5 Metaphors for Your Church Membership
by David Schrock
1. Ambassadors in Christ's Royal Embassy
The overarching metaphor for the church is a royal embassy. When Jesus sat down at God's right hand, he received his kingdom (Ps. 110). His authority over heaven and earth is a regal authority (Matt. 28:18). And all who are members of the church are disciples of the King—we suffer with him now, so that one day we will reign with him (Rom. 8:17; 2 Tim. 2:12).
In the church we do kingdom business. The ordinances (baptism and the Lord's Supper) are royal rites. We proclaim the lordship of Jesus and teach his royal commands. Though the church shouldn't be confused with the kingdom, we are citizens of the kingdom commissioned to announce the kingdom and make visible the King.
Church membership is a visible identification with Christ's kingdom people. Submission to the church, then, is a royal act. Each church is an embassy of the kingdom, and thus public identification with a local church publicly identifies a Christian with the King. And by extension, this kingdom metaphor defines membership in royal terms.
2. Children in God's Family
Membership in the kingdom is also familial. We are not just citizens, but sons. The local church is a family of faith, so membership should be conceived in family terms.
As children of God (John 1:12), we are siblings to one another. While some lose family to follow Christ, all gain family to follow him—brothers and sisters, mothers and fathers, children and grandchildren (Matt. 19:29; Mark 3:34–35).
For this reason, the apostles often employed family language (Titus 2:1–8; 1 John 2:12–14) and called Christians to treat one another as family (1 Tim. 5:1–2). The local church is the household of God (1 Tim. 3:15). Church membership, then, should be seen as membership in the family of God.
3. Stones in the Spirit's Temple
Ephesians 2:20 describes God's people as a temple built on "the foundation of the apostles and prophets." First Peter 2:5 calls church members "living stones." And 1 Corinthians 3:16 addresses the church (not the individual): "Do you [plural] not know that you [plural] are God's temple and that God's Spirit dwells in you [plural]?"

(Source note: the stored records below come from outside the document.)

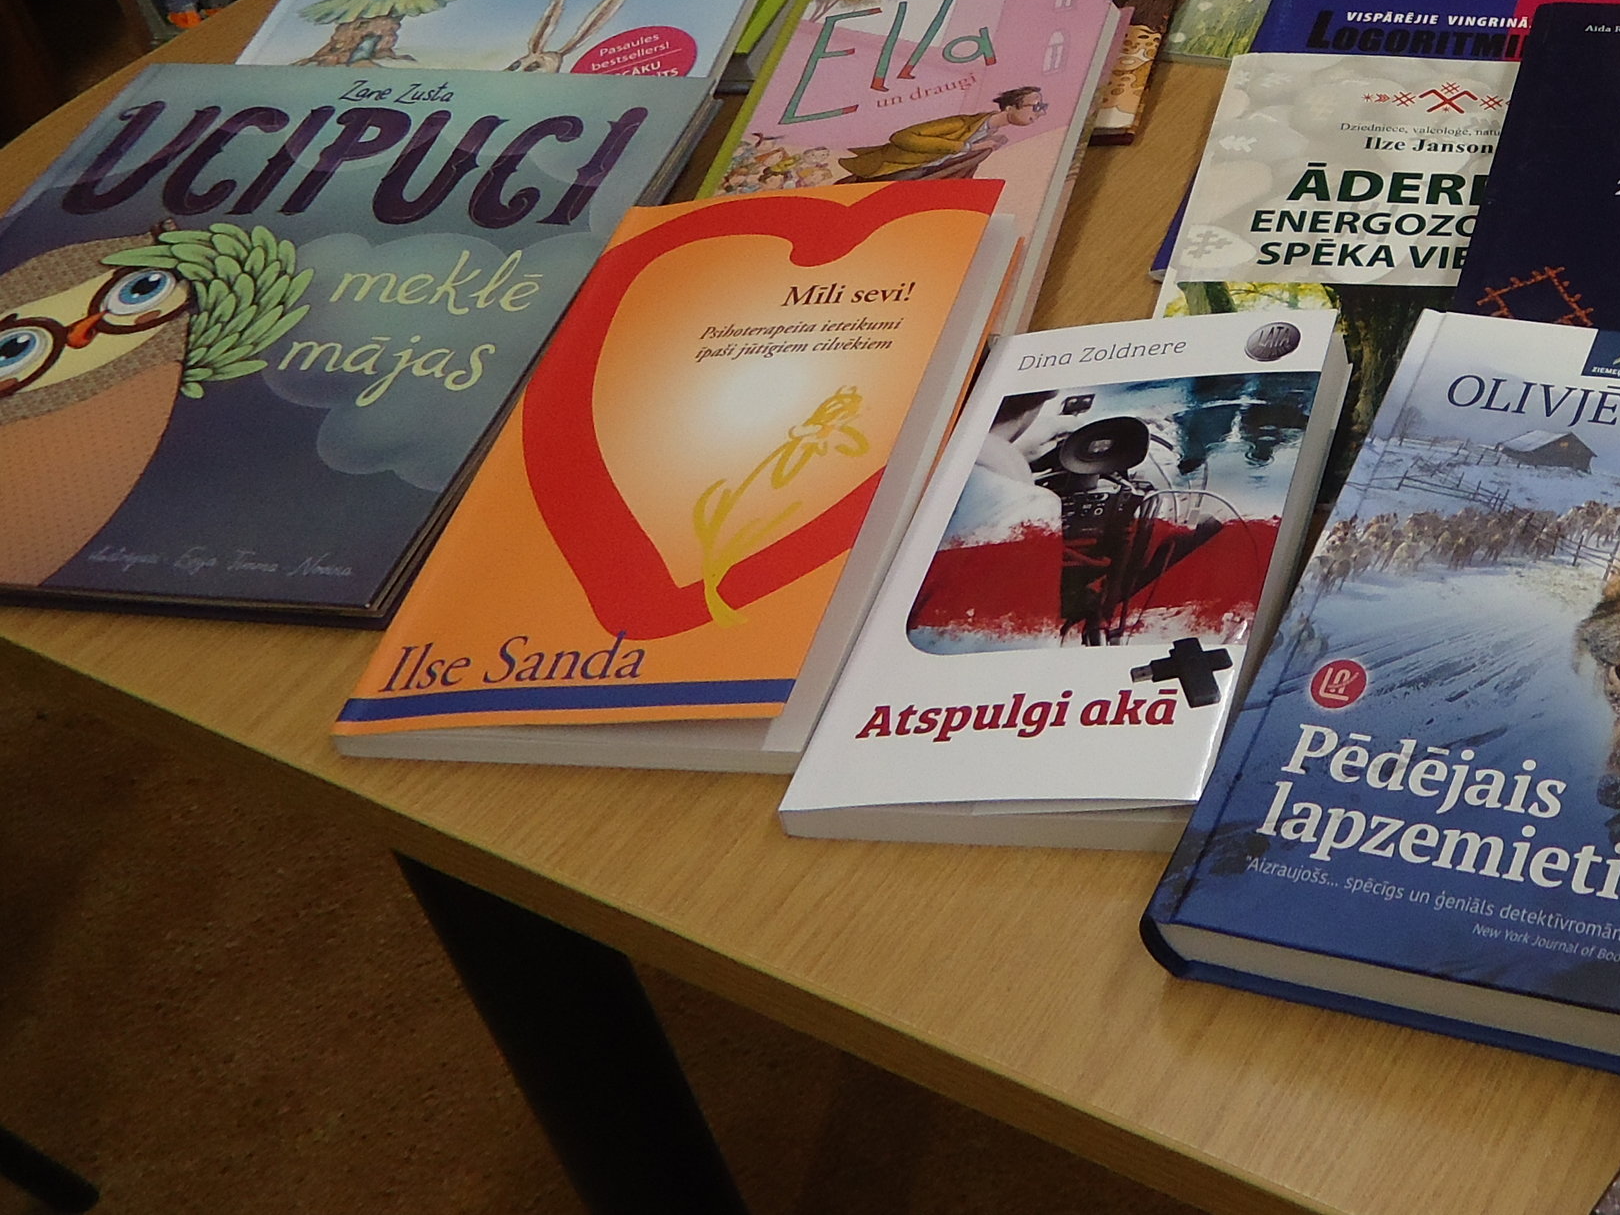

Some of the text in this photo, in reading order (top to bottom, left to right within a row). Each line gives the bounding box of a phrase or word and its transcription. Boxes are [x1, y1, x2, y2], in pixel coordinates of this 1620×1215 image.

[600, 34, 660, 56] Pasaules
[1584, 24, 1612, 33] Aida
[339, 79, 455, 105] Zane Zusta
[876, 72, 977, 108] un draugi
[1340, 123, 1408, 134] Dziedniece,
[1364, 137, 1406, 151] Ilze
[61, 99, 650, 230] UCIPUCI
[1256, 238, 1396, 268] SPĒKA
[328, 250, 546, 316] meklē
[781, 282, 916, 307] Mīli sevi!
[699, 317, 904, 340] Psihoterapeita ieteikumi
[695, 337, 894, 363] īpaši jūtīgiem cilvēkiem
[1017, 338, 1188, 373] Dina Zoldnere
[277, 337, 496, 407] mājas
[378, 629, 649, 694] Ilse Sanda
[855, 690, 1178, 744] Atspulgi akā
[1281, 721, 1569, 822] Pēdējais
[1246, 855, 1340, 888] "Aizraujošs...
[1344, 875, 1405, 901] spēcīgs
[1409, 890, 1430, 905] un
[1434, 889, 1494, 917] ģeniāls
[1472, 922, 1502, 938] New
[1505, 929, 1532, 945] York
[1532, 933, 1579, 956] Journal
[1580, 944, 1597, 957] of

Because the individual is a part of Christ's temple, he or she experiences the personal indwelling of the Spirit. Holy living flows from this holy communion. And so as the "temple of the living God," we must "cleanse ourselves from every defilement of body and spirit, bringing holiness to completion" (2 Cor. 6:16; 7:1).
Church membership speaks to the way we worship and our commitment to walk in holiness with others members of Christ's body, which leads us to another metaphor.

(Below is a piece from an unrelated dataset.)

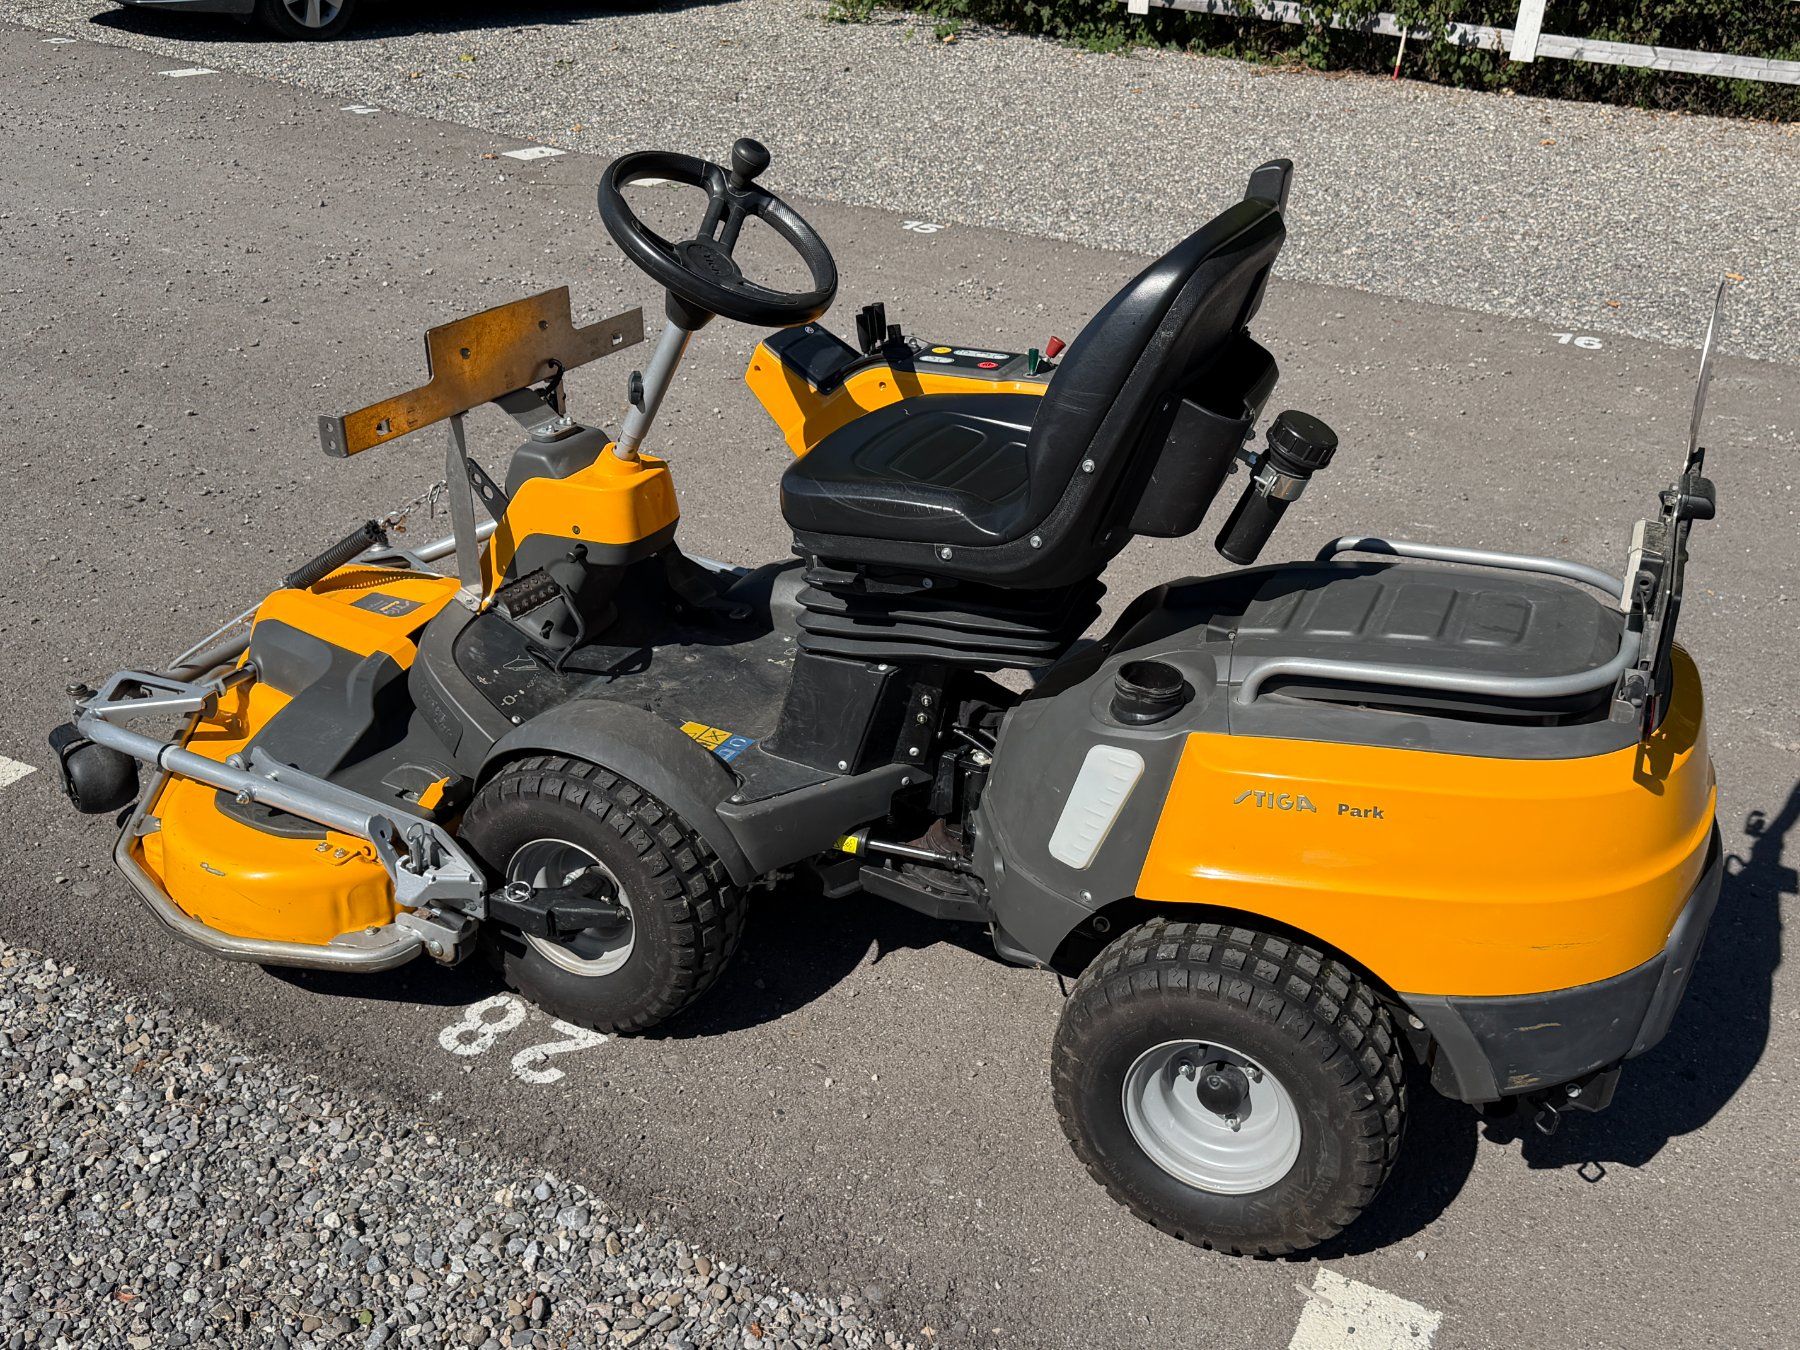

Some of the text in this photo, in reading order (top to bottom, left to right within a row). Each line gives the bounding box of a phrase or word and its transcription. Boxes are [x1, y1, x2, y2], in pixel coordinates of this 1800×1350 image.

4. Members of Christ's Body
The New Testament regularly refers to the church as Christ's body (e.g., 1 Cor. 12:12–14; Eph. 5:23, 29–30; Rom. 12:5).

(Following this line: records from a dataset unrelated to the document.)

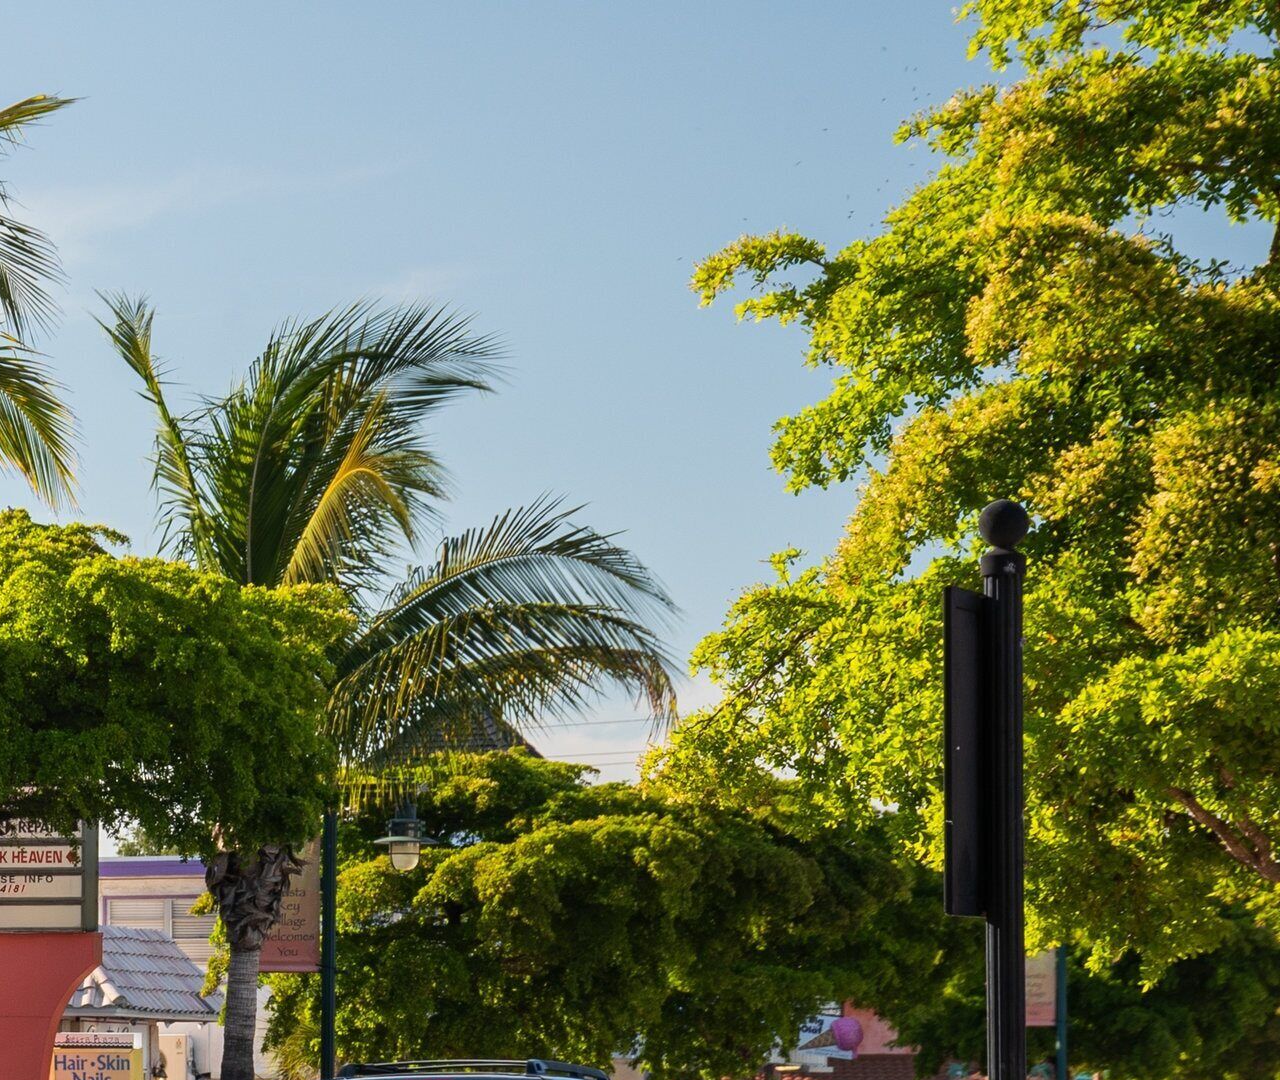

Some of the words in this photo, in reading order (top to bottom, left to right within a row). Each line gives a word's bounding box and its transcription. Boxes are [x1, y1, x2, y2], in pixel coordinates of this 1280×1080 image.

[12, 851, 63, 864] HEAVEN
[24, 875, 54, 884] INFO
[277, 947, 298, 956] You
[54, 1055, 88, 1071] Hair
[96, 1055, 130, 1071] Skin

A severed hand could be kept alive for a time, but its health and life are in grave jeopardy. The same is true in God's church. It's possible to find believers disconnected from a church, but this isn't God's design. Such independence imperils spiritual life.
Members receive nourishment from others in the body as they contribute their own life-giving gifts (see Eph. 4:11–16). This bodily metaphor replaces a consumer approach to membership with a stewardship approach to membership—as members of the same body, we must care for and give ourselves one to another.
5. Members of Christ's Bridal Party
The church is the bride of Christ, and church members are participants in this blessed union. Paul speaks of this marriage metaphor in Ephesians 5:31–32. In comparing the church to marriage, he's not just searching for an analogy to help husbands and wives get along. The reverse is actually true: every marriage is a parable of Christ and the church. And the local church, like Esther's harem, is the training ground for the day when we'll be presented to our Lord.
To drop the metaphor, "betrothal" to Christ (1 Cor. 11:2) is another word for discipleship. Disciples are consistently learning, repenting, and becoming more like Jesus. Just as when two become one in marriage, so churches in union with Christ prepare individuals for true married life (cf. Isa. 62:4; Rev. 19:6–9).
In this way, communion with and commitment to a church ought to be seen in terms of our final union with Christ.
At first blush, "membership" may sound unattractive to us because it sounds commercial. In reality, however, membership is thoroughly biblical. Born again, we become members of Christ's royal family, members of his body, living stones in his temple, even spiritually one with him in marriage. From these metaphors we get an entirely new picture of membership—one that isn't foreign to the church. Rather, the church is its membership.
Without membership, the church's entire existence is jeopardized. With a biblical view of membership, though, we are reminded who we are and what we're called to do. In this way, membership bolsters the church's calling to be a gospel community displaying the power and wisdom of God (Eph. 3:10–11).
In short, membership does not add something extra to the church. It enables the church to be the church, both now and for generations to come.